==== EXTRACTED RECORDS
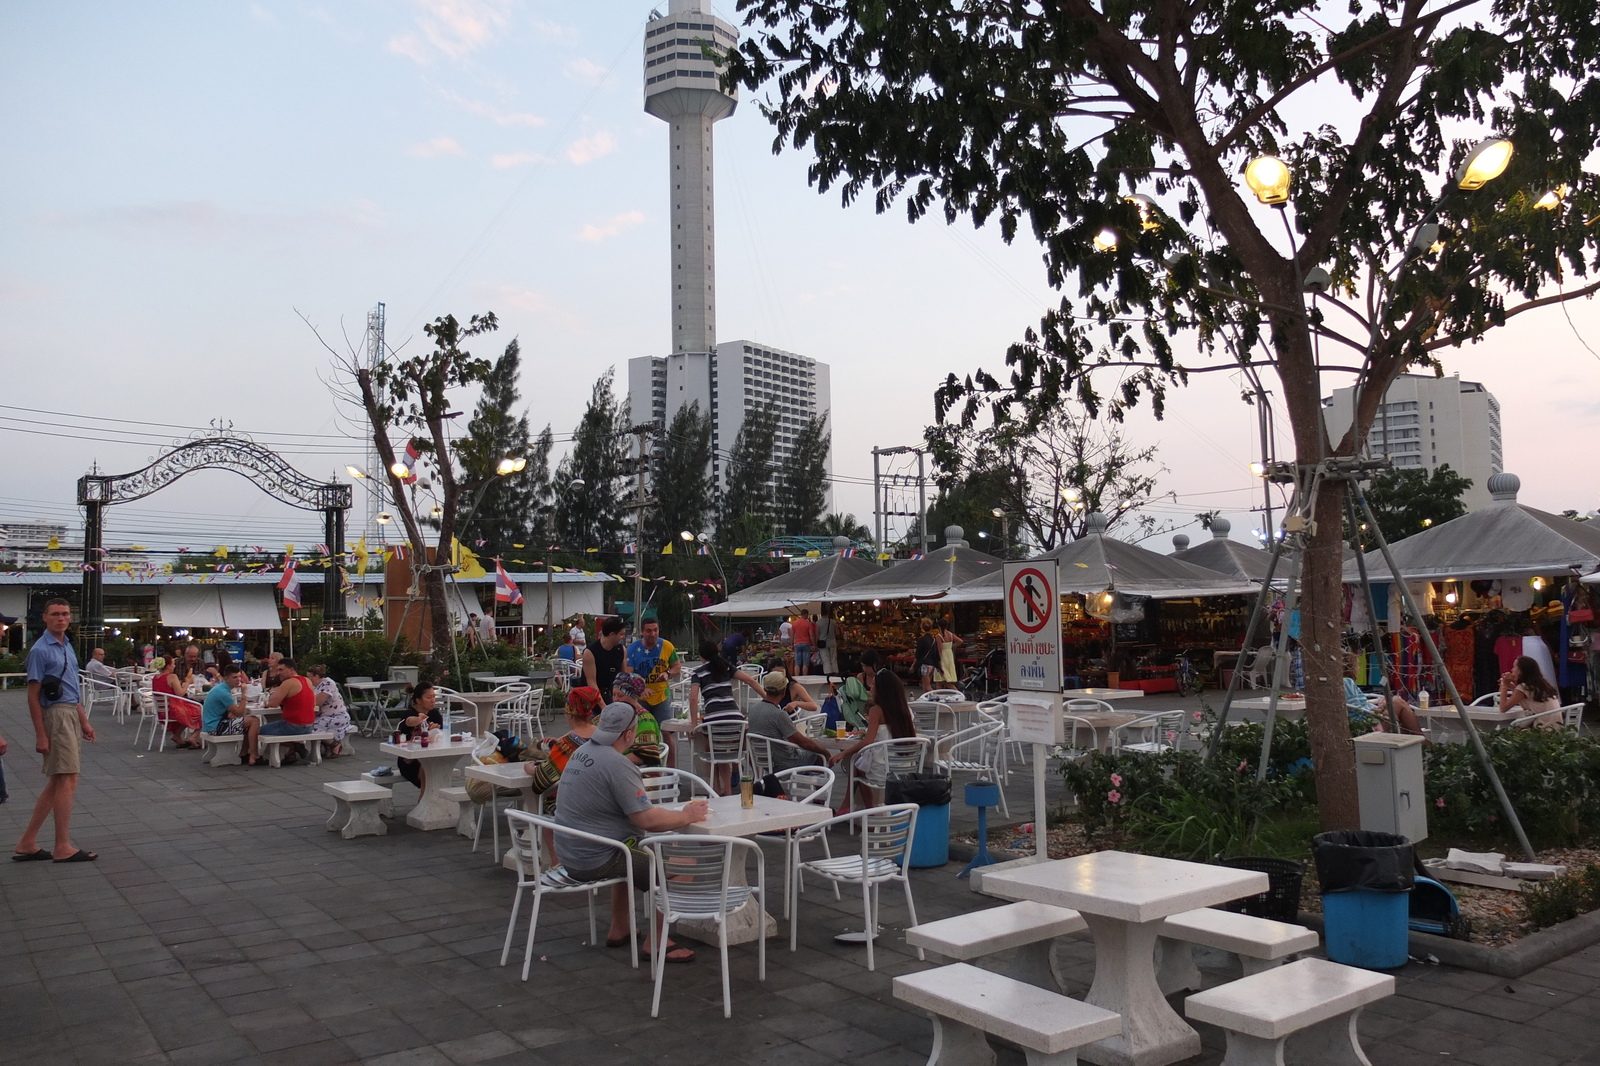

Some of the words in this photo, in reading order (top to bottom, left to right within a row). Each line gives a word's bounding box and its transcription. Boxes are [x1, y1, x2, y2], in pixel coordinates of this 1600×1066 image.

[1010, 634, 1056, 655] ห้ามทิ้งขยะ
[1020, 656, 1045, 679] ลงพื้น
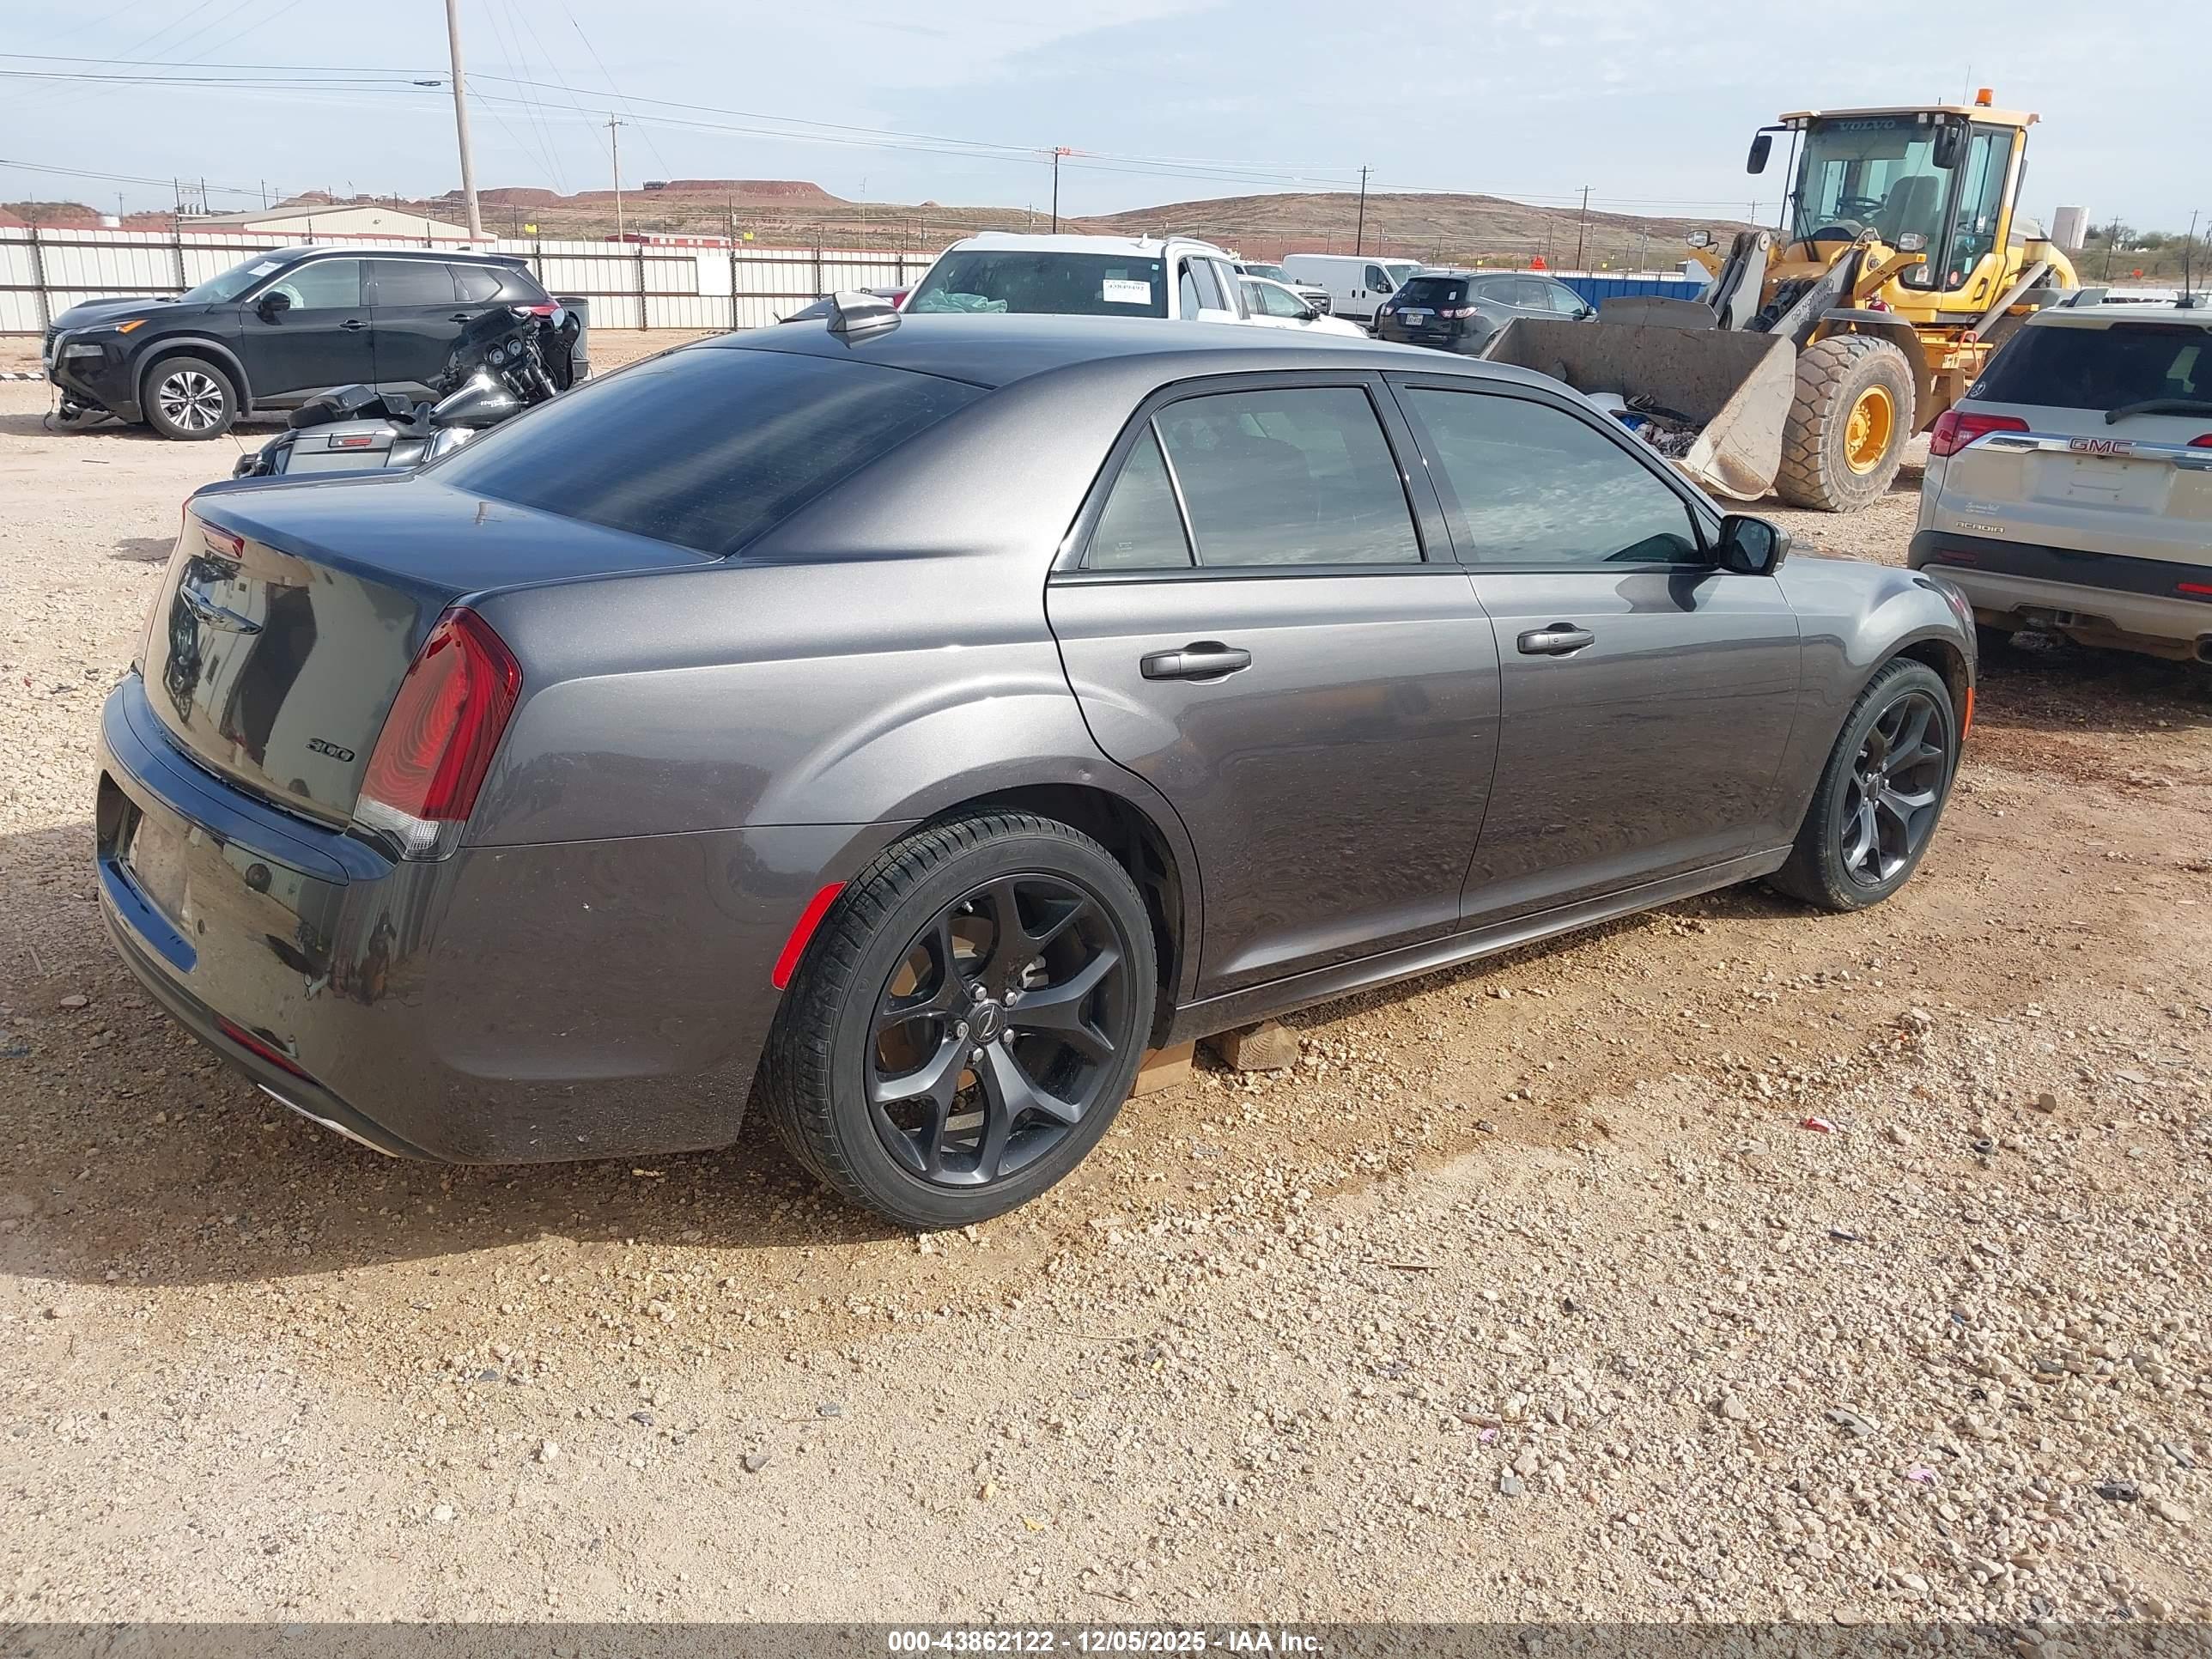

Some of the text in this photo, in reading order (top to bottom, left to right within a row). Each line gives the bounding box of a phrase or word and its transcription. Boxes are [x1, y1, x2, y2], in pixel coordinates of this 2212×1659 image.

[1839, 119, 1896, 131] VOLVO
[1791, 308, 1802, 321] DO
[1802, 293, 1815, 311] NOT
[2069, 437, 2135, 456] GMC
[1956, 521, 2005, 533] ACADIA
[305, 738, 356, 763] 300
========
TRY IT =
Your answer should be the lines from the one containing "Some of the text" to the end of the entries above, restated exactly and alone.

RESULT OF THIS EXERCISE =
Some of the text in this photo, in reading order (top to bottom, left to right within a row). Each line gives the bounding box of a phrase or word and its transcription. Boxes are [x1, y1, x2, y2], in pixel coordinates of this 2212×1659 image.

[1839, 119, 1896, 131] VOLVO
[1791, 308, 1802, 321] DO
[1802, 293, 1815, 311] NOT
[2069, 437, 2135, 456] GMC
[1956, 521, 2005, 533] ACADIA
[305, 738, 356, 763] 300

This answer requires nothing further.